Exercise details -> The lines to copy run from the one containing "this 1600×1066 image." to the very end of the records; give them exactly, and only them, without pictures.
◆ ◆ ◆
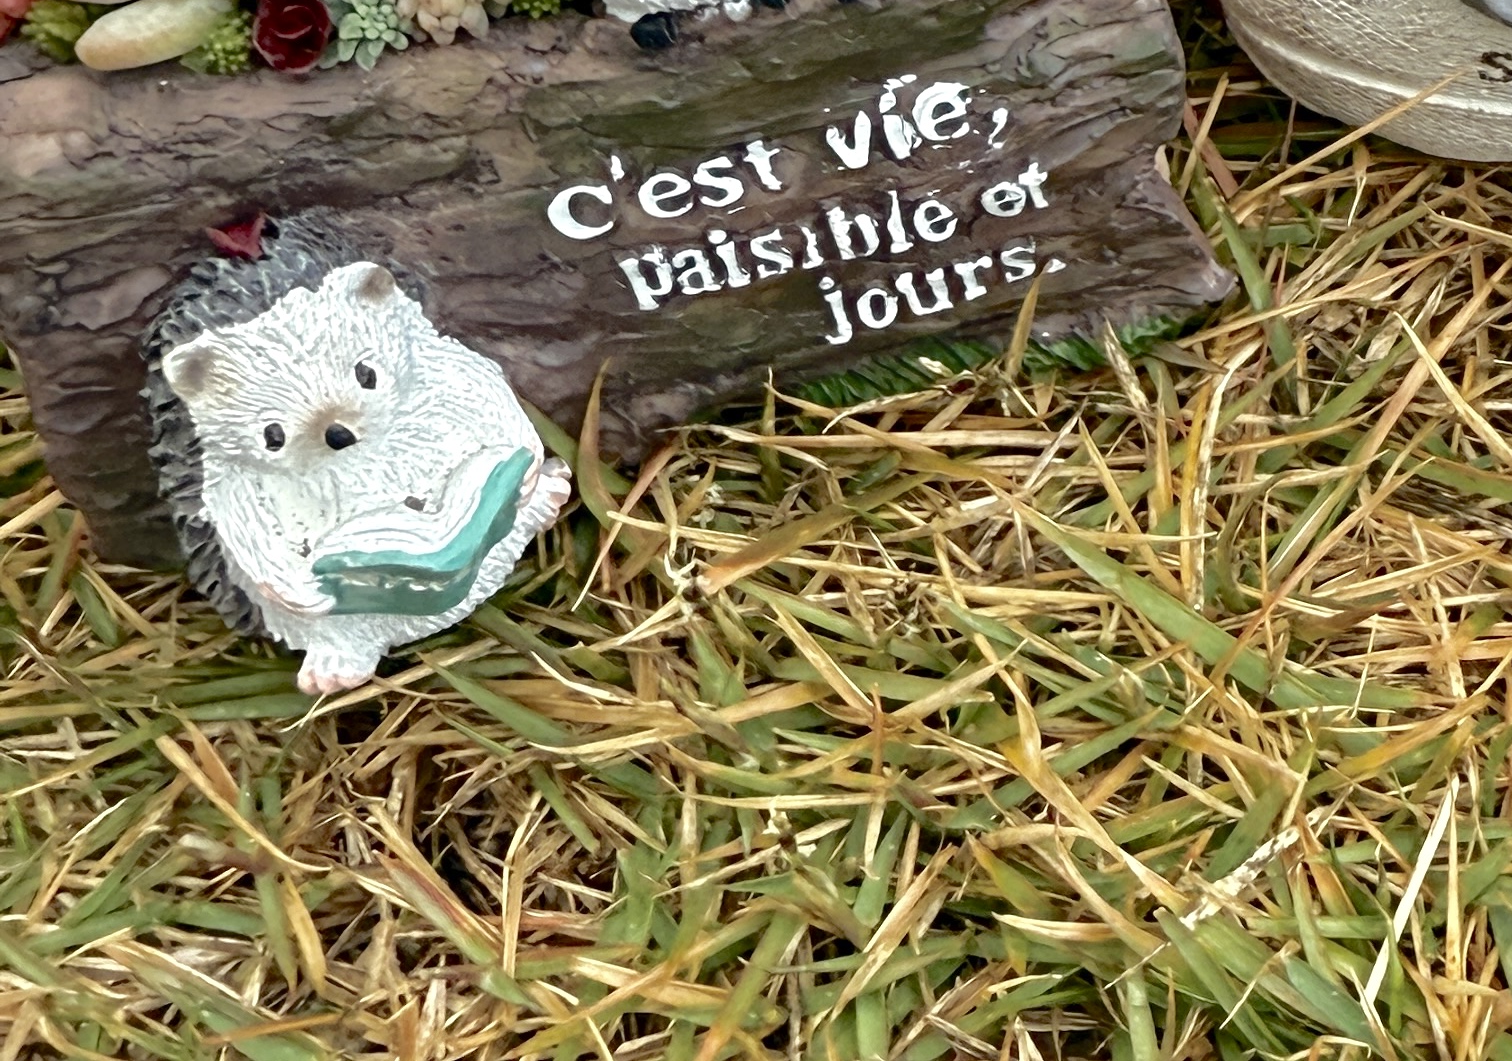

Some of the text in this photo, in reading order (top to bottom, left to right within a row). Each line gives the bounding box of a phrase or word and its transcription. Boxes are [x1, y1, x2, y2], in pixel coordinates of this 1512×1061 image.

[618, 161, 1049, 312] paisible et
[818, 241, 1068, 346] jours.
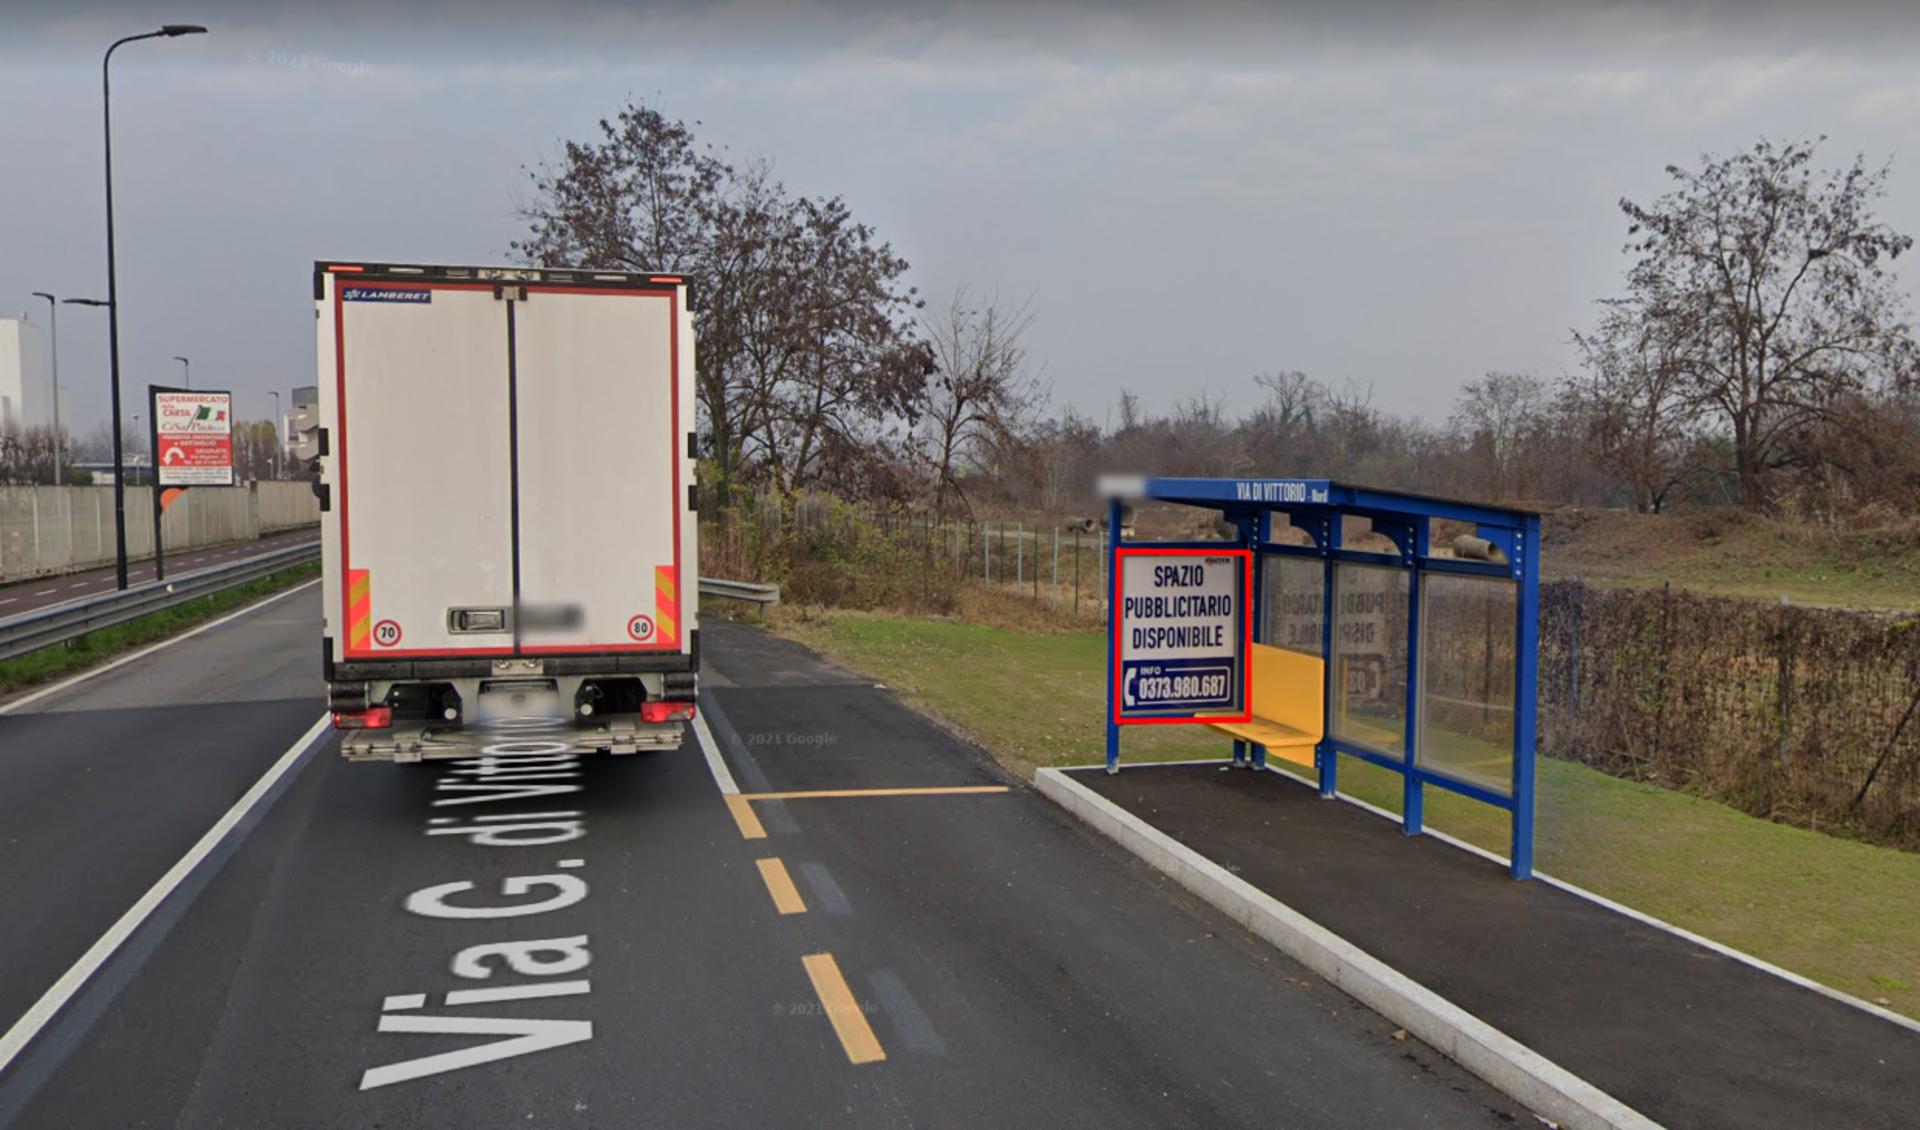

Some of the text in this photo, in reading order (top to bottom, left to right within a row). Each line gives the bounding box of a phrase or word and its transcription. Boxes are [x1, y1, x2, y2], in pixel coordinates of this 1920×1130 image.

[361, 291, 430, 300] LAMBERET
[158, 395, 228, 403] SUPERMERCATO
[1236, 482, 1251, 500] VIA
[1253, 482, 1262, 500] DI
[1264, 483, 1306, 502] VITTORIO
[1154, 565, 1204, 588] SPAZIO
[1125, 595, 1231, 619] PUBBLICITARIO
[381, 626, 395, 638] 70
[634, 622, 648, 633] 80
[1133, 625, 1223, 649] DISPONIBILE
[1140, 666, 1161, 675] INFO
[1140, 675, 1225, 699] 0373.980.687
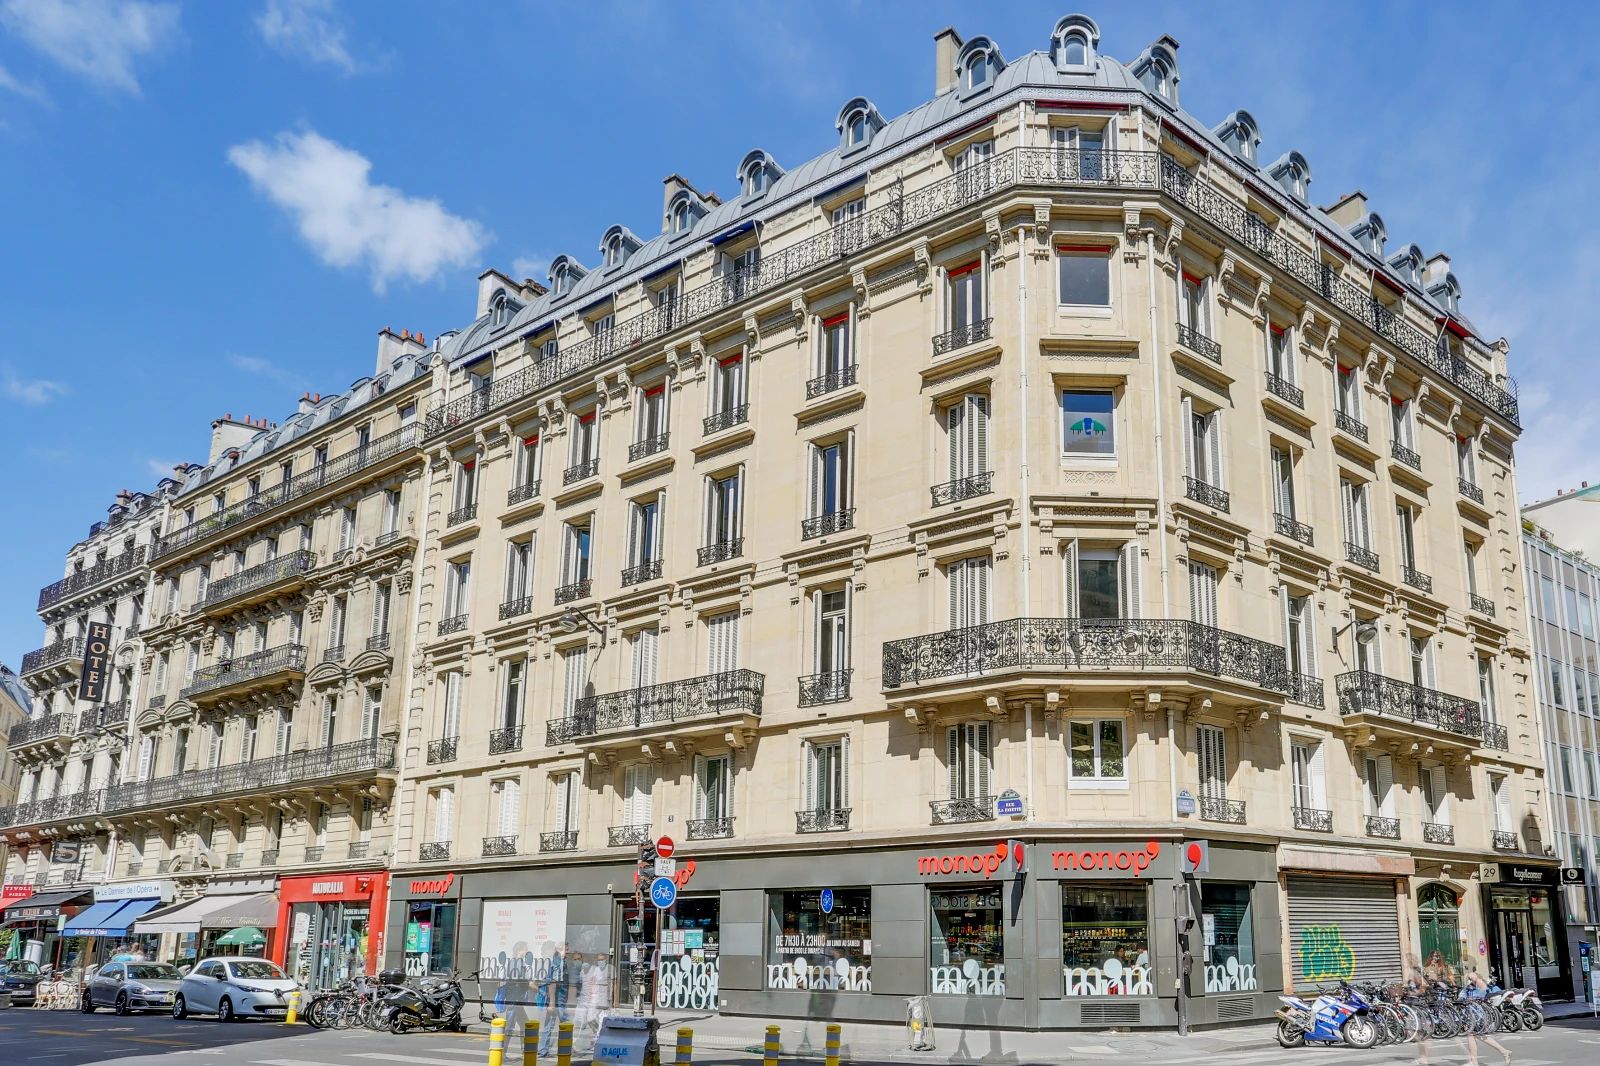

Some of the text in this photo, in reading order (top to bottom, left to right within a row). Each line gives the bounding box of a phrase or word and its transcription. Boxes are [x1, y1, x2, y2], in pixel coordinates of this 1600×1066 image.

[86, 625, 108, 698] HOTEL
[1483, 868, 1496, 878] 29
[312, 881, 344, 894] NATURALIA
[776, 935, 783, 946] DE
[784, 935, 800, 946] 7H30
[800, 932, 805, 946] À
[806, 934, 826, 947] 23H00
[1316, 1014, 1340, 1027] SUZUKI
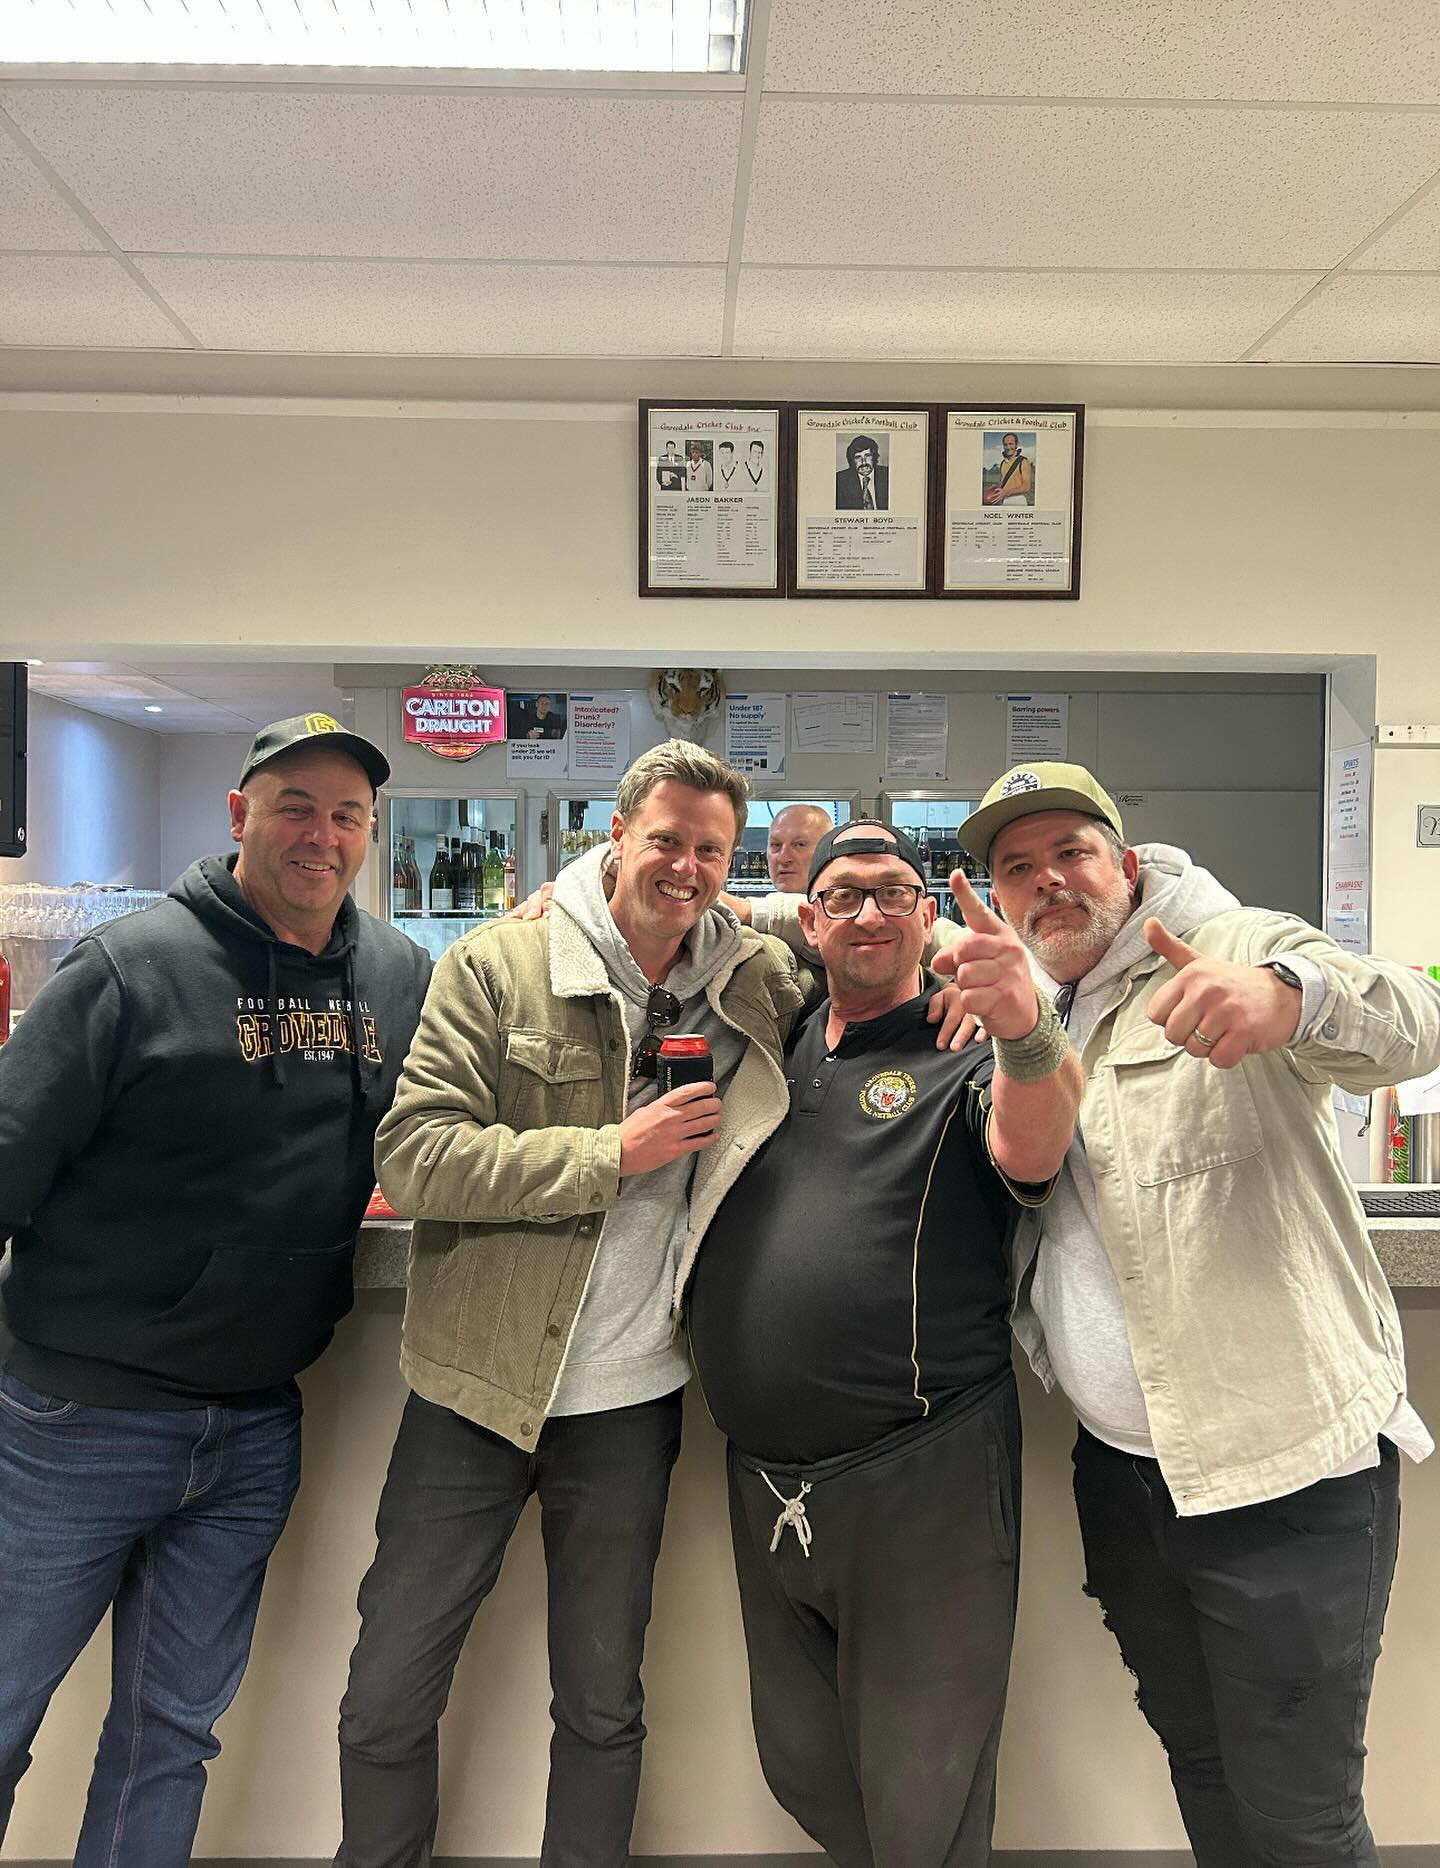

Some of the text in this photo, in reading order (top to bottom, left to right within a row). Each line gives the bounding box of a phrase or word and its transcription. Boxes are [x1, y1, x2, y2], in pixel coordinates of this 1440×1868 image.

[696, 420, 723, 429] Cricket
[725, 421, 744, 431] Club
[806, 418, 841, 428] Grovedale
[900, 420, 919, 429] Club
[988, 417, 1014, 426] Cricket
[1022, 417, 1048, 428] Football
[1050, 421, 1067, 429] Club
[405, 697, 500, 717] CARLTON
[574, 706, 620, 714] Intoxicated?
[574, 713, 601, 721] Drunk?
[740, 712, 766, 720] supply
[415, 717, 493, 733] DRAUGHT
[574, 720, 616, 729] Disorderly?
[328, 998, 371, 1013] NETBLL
◆ ◆ ◆
Response to this task ->
Some of the text in this photo, in reading order (top to bottom, left to right within a row). Each line gives the bounding box of a phrase or word and its transcription. Boxes are [x1, y1, x2, y2], in pixel coordinates of this 1600×1066 image.

[86, 625, 108, 698] HOTEL
[1483, 868, 1496, 878] 29
[312, 881, 344, 894] NATURALIA
[776, 935, 783, 946] DE
[784, 935, 800, 946] 7H30
[800, 932, 805, 946] À
[806, 934, 826, 947] 23H00
[1316, 1014, 1340, 1027] SUZUKI

Some of the text in this photo, in reading order (top to bottom, left to right within a row). Each line gives the bounding box of a phrase or word and its transcription. Boxes are [x1, y1, x2, y2], in pixel coordinates of this 1440×1868 image.

[696, 420, 723, 429] Cricket
[725, 421, 744, 431] Club
[806, 418, 841, 428] Grovedale
[900, 420, 919, 429] Club
[988, 417, 1014, 426] Cricket
[1022, 417, 1048, 428] Football
[1050, 421, 1067, 429] Club
[405, 697, 500, 717] CARLTON
[574, 706, 620, 714] Intoxicated?
[574, 713, 601, 721] Drunk?
[740, 712, 766, 720] supply
[415, 717, 493, 733] DRAUGHT
[574, 720, 616, 729] Disorderly?
[328, 998, 371, 1013] NETBLL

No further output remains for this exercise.